Also, if you want your insurance to pay to replace your things, the cost will be higher than if you choose actual cash value coverage, which pays face value. If a 5-year-old computer is stolen, for example, replacement value coverage would buy you a new one, while actual cash value coverage would pay you the depreciated price of your computer.

Discounts for multiple policies or safety features can help lower the cost.

Some landlords may require tenants to buy renters insurance with liability coverage, in case the renter damages the building or unit. Even if your landlord doesn’t require you to have renters insurance, it’s important to understand that your landlord’s insurance policy most likely doesn’t cover your personal possessions, like furniture, computers or clothing. A renters policy can help pay for damages or loss if, say, a fire breaks out or a pipe bursts and ruins your things.

 

Homeowners coverage for mobile homes — those built in a factory and moved to their site — is similar to coverage for site-built homes, typically providing coverage for the physical structure, personal belongings and other structures on your property. This coverage may also include liability insurance, which helps you protect your finances if you’re responsible for damage or injury to someone else or their property.

 

  • An aircraft, car or other vehicle
  • explosions
  • Falling objects
  • Fire and smoke
  • Lightning strikes
  • Theft
  • Vandalism and malicious mischief
  • Some types of water damage
  • Windstorms and hail

But policies for mobile or manufactured homes vary in the details. For example, although most mobile and manufactured homes stay in the same place for their lifetime, they’re designed to be movable. So some manufactured home policies can include coverage for damage incurred during a move.
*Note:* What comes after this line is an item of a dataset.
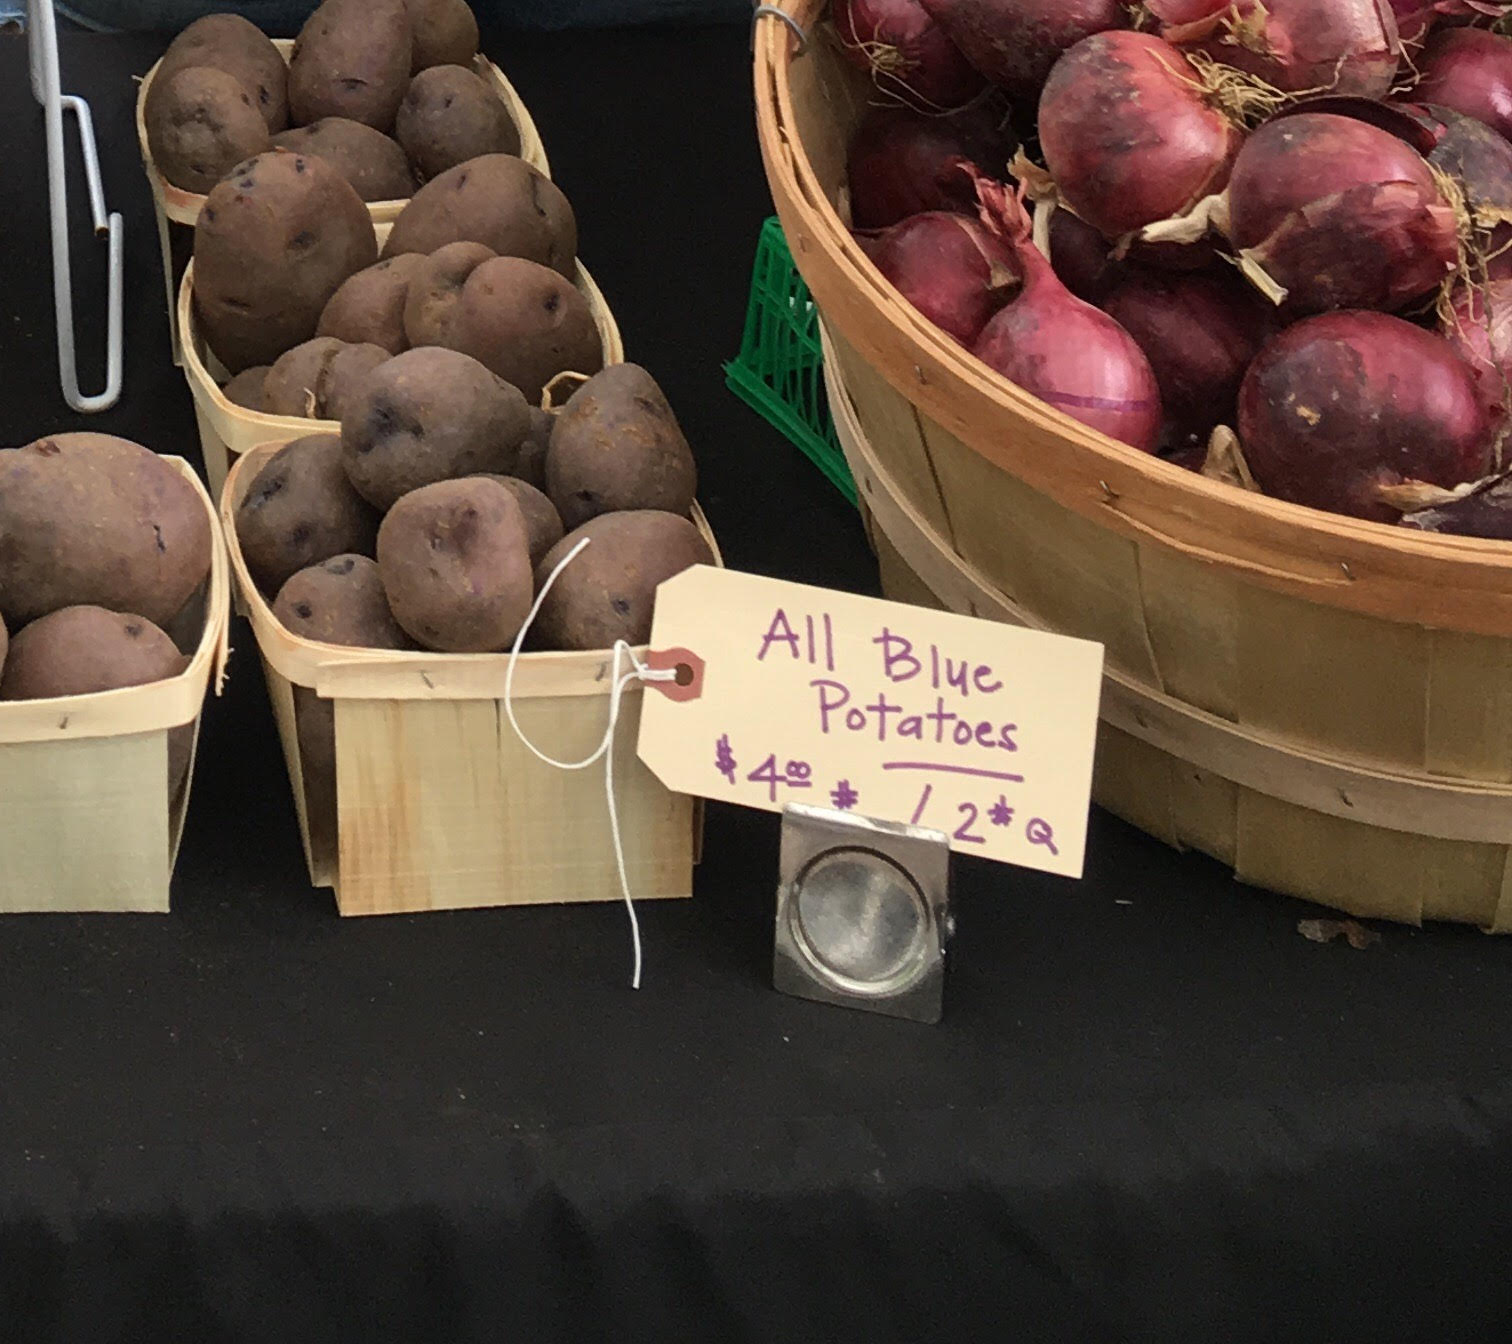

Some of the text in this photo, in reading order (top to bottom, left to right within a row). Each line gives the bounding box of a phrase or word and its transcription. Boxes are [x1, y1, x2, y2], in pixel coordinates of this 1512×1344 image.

[756, 607, 1004, 698] All Blue
[809, 678, 1019, 753] Potatoes
Because manufactured homes may be more likely to suffer damage from incidents like fire and wind, mobile and manufactured home insurance policies are designed specifically for these types of structures. In addition, some insurers may require that a mobile or manufactured home be placed on a concrete or cinderblock foundation to be insured.
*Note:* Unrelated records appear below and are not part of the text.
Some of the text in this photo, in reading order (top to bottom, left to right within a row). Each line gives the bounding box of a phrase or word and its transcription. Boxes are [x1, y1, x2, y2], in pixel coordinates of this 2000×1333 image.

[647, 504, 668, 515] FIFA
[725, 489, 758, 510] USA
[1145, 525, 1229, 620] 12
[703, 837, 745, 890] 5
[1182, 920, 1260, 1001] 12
If you have a mortgage, your lender will likely require you to carry enough mobile and manufactured home insurance to cover at least the mortgage’s remaining balance. This may not be enough to cover other losses. When deciding how much coverage you want, you may want to consider other factors, including:

  • The cost of rebuilding your home
  • The value of your belongings, like clothing, appliances and furniture
  • The total value of your assets
  • The cost to live elsewhere if damages make your home unlivable

Characteristics of your home, hazards in your area and how much coverage you want are the main factors that will influence how much you pay for mobile or manufactured home insurance — just as with regular homeowners insurance. Among the relevant factors:

  • Your home’s age, size and how it’s built
  • The risks inherent in its location — things like extreme weather, flooding, high winds, crime
  • How much your possessions are worth 
  • Whether you rent or own your home’s lot 
  • Security and safety features
  • The coverage limits and deductible that you choose
  • Your mobile home’s claims history 

Keep in mind, insurance premiums for a mobile or manufactured home may be more expensive than regular homeowners insurance, because of their increased vulnerability to common risks, such as fire and wind.

 

Modular homes are similar to mobile and manufactured homes in that they’re built inside factories. But modular homes are built in pieces, transported to a building site and assembled on a permanent foundation. Their construction must follow all state and local building and safety codes, and they typically can be insured with a standard homeowners insurance policy.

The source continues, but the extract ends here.